Biographies are also very motivating. <i>My Heart in His Hands</i> about Ann Judson, Adoniram Judson's first wife is very good. They may not be directly related to housework, but these men and women were faithful, and that is sometimes, like the lives of the Old Testament Heroes, more inspiring than moralizing. One of the most 'motivating' things I have ever read (and I believe I will never forget it) was a short biography of Anne Askew. She endured torture without uttering a murmer: she smiled while her body was burned because she would not deny Christ. Surely I can forbear to grumble about my housework, and cheerfully put up with aggravations for the same cause. (like a Mexico City rave, being held a few blocks from here.....)

I would also recommend Jane Austen, and Edith Nesbitt. (smile)


----------



## a mere housewife (Mar 5, 2006)

umm.... that is Nesbit with one t. And I forgot my favorite recommendation: <i>The Four Loves</i> by C. S. Lewis. He deals with just the kind of struggles in trying to love unselfishly as a spouse/mother/friend/neighbor and child of God that the average housewife daily struggles with -- a lot of what we pat ourselves on the back for as 'unselfish' turns out to be very self seeking after all. It is an extremely good book.


----------



## Scott (Mar 6, 2006)

"What are is motivation needed in? Housework/organization, scheduling, homeschooling, traditional female roles, spiritual?"
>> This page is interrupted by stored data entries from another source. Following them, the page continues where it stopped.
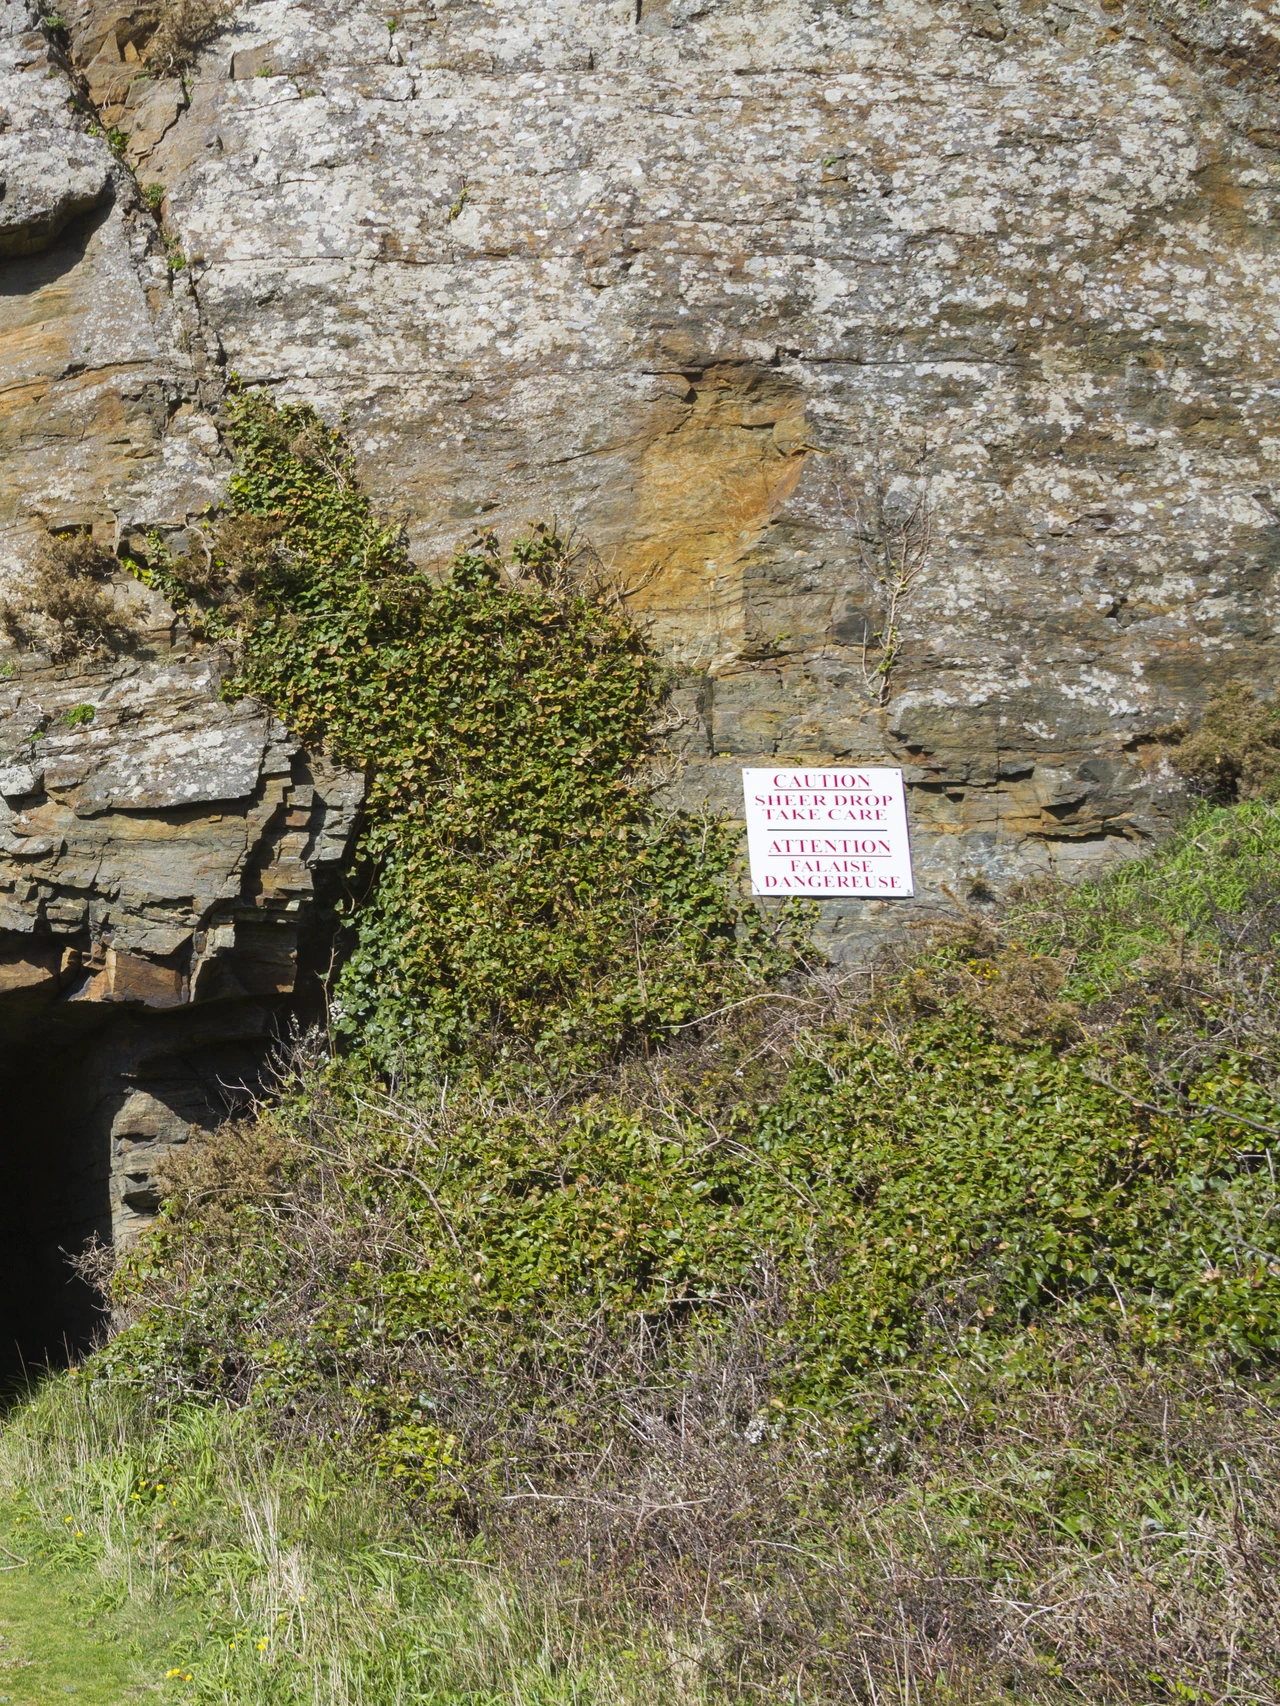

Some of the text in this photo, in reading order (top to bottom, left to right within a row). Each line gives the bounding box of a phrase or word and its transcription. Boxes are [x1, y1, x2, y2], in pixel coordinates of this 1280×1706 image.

[773, 774, 870, 788] CAUTION
[754, 795, 893, 807] SHEER DROP
[762, 809, 888, 821] TAKE CARE
[768, 839, 891, 853] ATTENTION
[790, 860, 874, 873] FALAISE
[764, 875, 902, 888] DANGEREUSE
Homeschooling is the biggest.


----------



## LadyFlynt (Mar 6, 2006)

A Mom Just Like You, Jayme Farris
A Hundred and One Devotions for Homeschool Moms, Jackie Wellwood
The Way Home, Mary Pride
The 21 Rules of This House, Gregg Harris
Homeschooling With a Meek and Quiet Spirit, Terri Maxwell
Keeping Our Children's Hearts:Our Vital Priority, Terri Maxwell

The last two I have not read YET. I HAVE read her Managers of Their Homes book and use that for scheduling. The others I have all read and can fully recommend.


----------



## Scott (Mar 6, 2006)

Thanks everybody!


----------



## Scott (Mar 6, 2006)

Colleen: Those look good. Please post a review of the Maxwell books when you read them. Thanks!


----------



## Philip A (Mar 8, 2006)

> _Originally posted by LadyFlynt_
> What are is motivation needed in? Housework/organization, scheduling, homeschooling, traditional female roles, spiritual???



Colleen,

What books would you recommend on the subject of housework/organization?

Thanks!


----------



## LadyFlynt (Mar 8, 2006)

> _Originally posted by Philip A_
> 
> 
> > _Originally posted by LadyFlynt_
> ...



On that...I personally haven't found a particular one. I've gleaned ALOT of information from other ladies and sites. I did post some of the ideas in the Tea Parlor though.
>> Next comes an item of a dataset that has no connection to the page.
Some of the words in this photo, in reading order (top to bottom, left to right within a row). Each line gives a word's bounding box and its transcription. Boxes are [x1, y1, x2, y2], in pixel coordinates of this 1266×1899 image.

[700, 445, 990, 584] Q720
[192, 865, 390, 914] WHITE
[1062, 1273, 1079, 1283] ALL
A book I am going through right now, that in a sense addresses all of these areas for a woman...going from spiritual to practical outworkings in the home is _Becoming A Woman Who Pleases God_ by Pat Ennis & Lisa Tatlock. Both are associated with the Home Economics department at The Master's College in Santa Clarita, CA.

Ideas that I have found that I fully support:

Household Binders
DECLUTTERING! (This includes not stashing 20-30 pairs of shoes, etc)
Walmart plastic tubs and plastic school boxes
color coding (right down to the hangers, kids rulers, etc)
Scheduling (no, you do not have to be legalistic on it, but it helps to have a routine)
Everything has a place...it better find it's way there!
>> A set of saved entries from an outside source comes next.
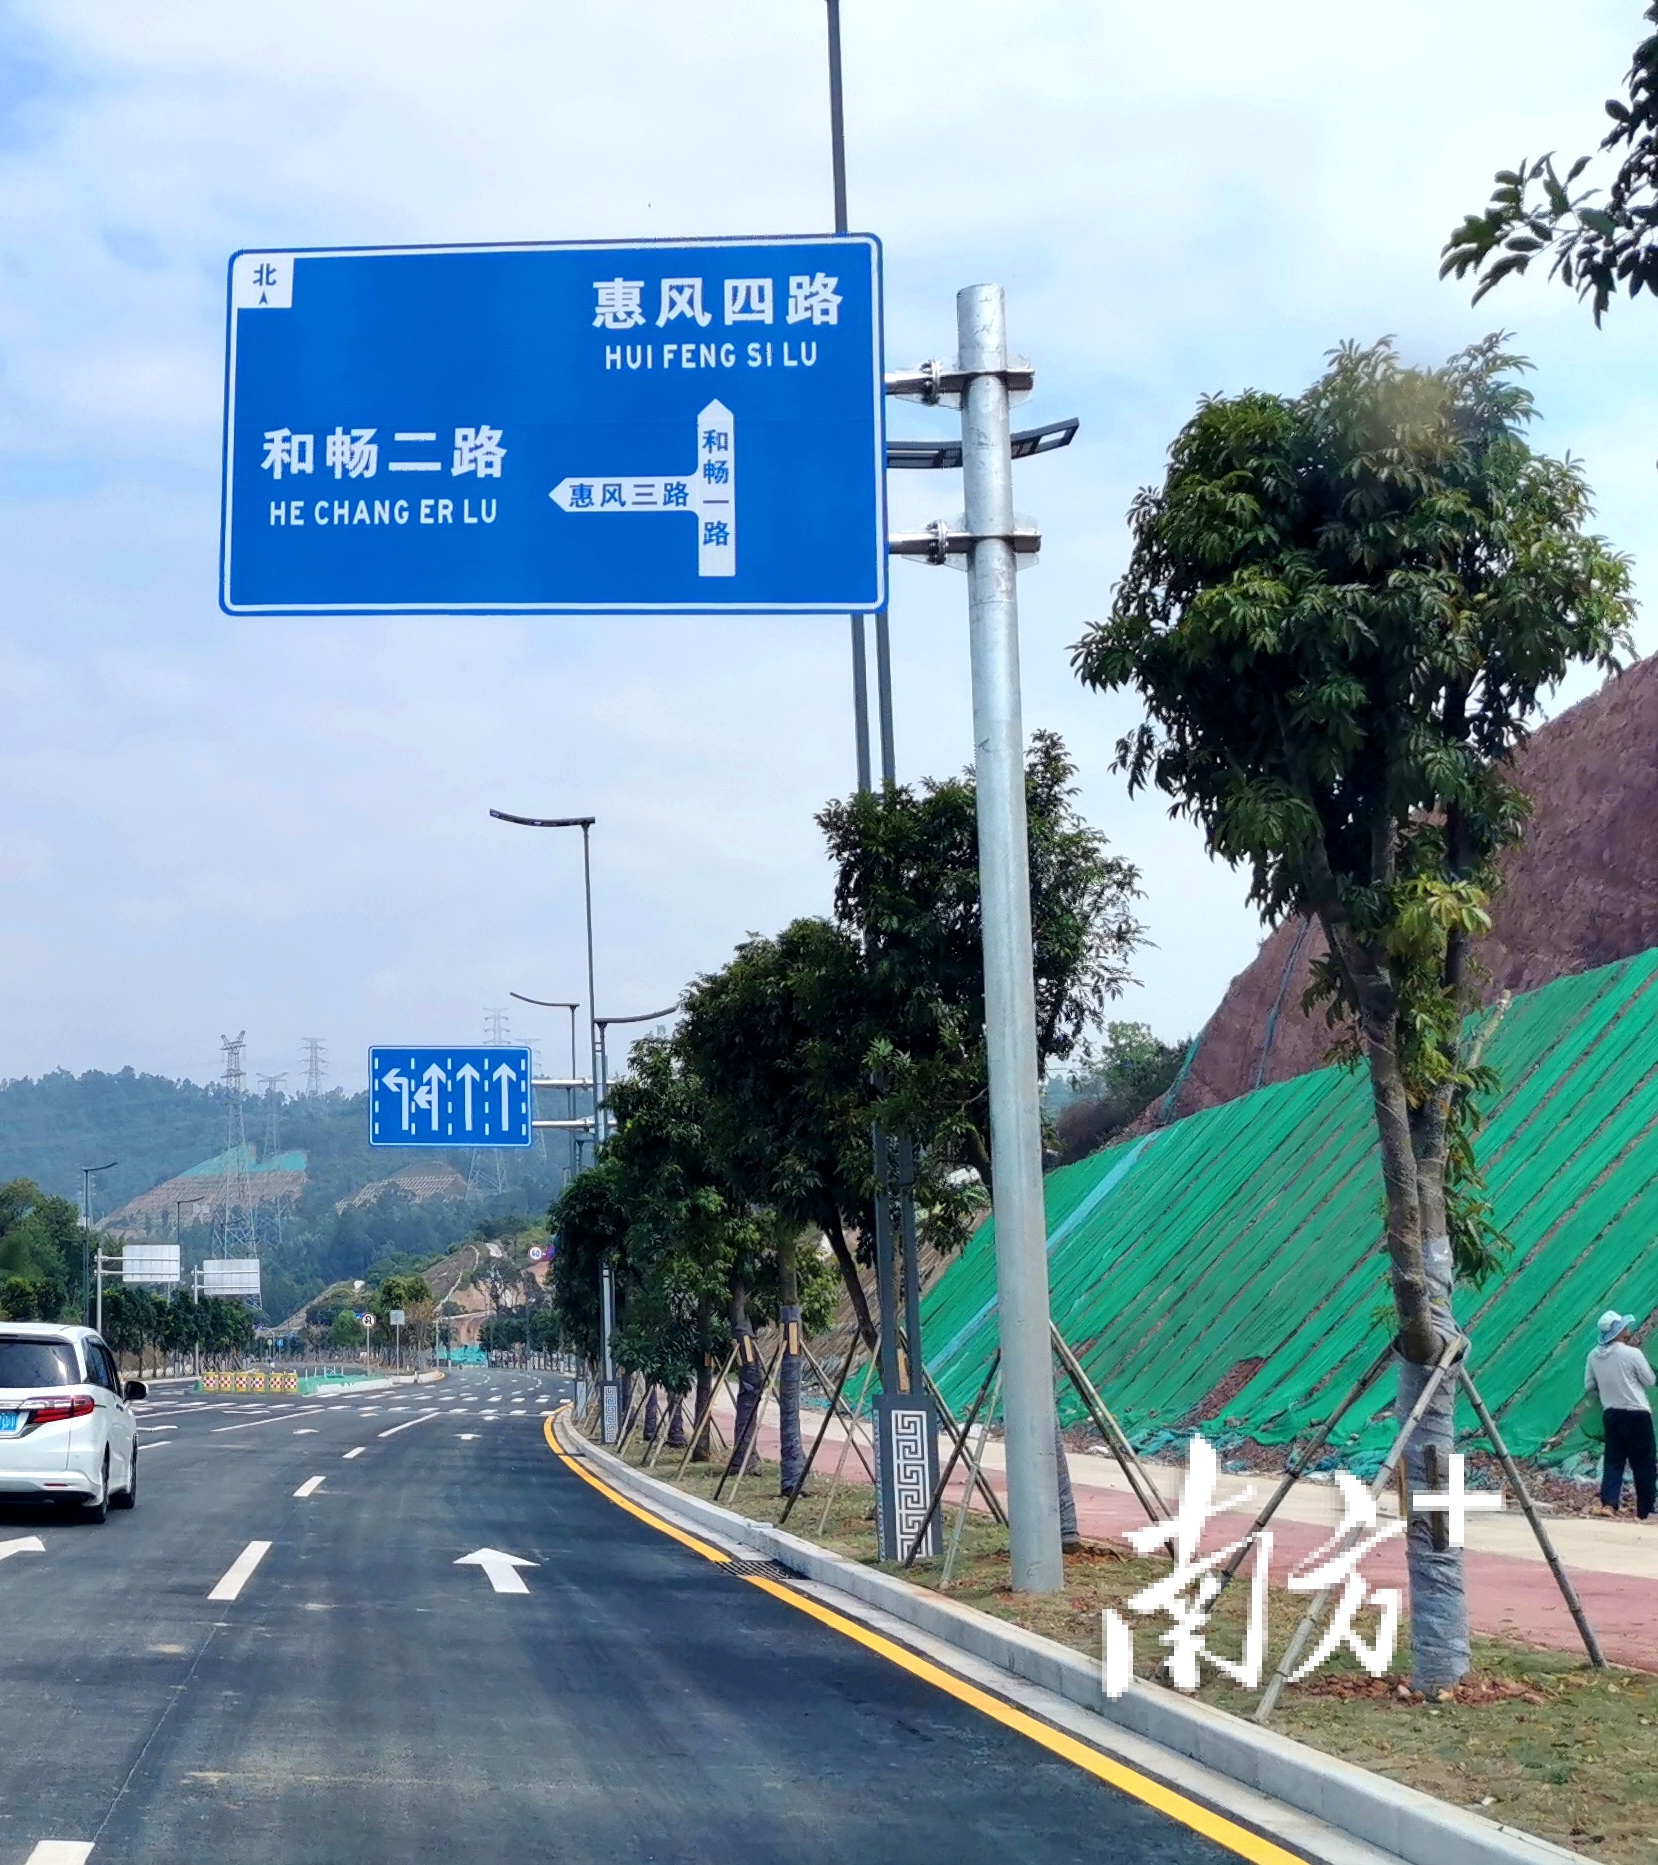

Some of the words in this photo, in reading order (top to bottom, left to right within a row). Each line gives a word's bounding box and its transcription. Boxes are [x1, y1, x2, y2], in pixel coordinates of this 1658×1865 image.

[252, 262, 278, 287] 北
[592, 272, 844, 330] 惠风四路
[605, 344, 653, 370] HUI
[663, 342, 737, 369] FENG
[746, 341, 774, 368] SI
[783, 340, 818, 367] LU
[260, 424, 508, 480] 和畅二路
[568, 480, 690, 509] 惠风三路
[701, 428, 731, 547] 和畅一路
[269, 500, 305, 526] HE
[314, 499, 410, 526] CHANG
[419, 498, 454, 525] ER
[463, 497, 498, 524] LU
Training...I'm about to stick a sign up above the kitchen sink that says, "Scrape, Rinse, Stack!" I'm tired of spending the same amount of time cleaning out my sink before I do dishes as I spend on actually doing the dishes 

A few sites with ideas are
http://puritanhome.bravehost.com/homemanagement.html
http://prairiehomemaker.com
http://flylady.com/ (do NOT sign up for her email list!!!)
http://organizedhome.com
http://largefamilylogistics.net
http://www.ladiesagainstfeminism.com/artman/publish/cat_index_15.shtml

The Maxwell's book _Manager's of Their Homes_ is good (but I could explain the idea directly to your wife easily...the concept is not all that orignal, In my humble opinion...as I found I was already pretty much doing the same before I read the book).


----------



## Ron (Mar 14, 2006)

Amazon.com: Rare Jewel of Christian Contentment: Books: Jeremiah Burroughs

My wife loves this book.

Ron


----------



## Don Kistler (May 24, 2006)

I'd strongly suggest "Female Piety," by John Angell James. It's excellent for both housewives and housewives to be. Great on what Biblical femininity is.


----------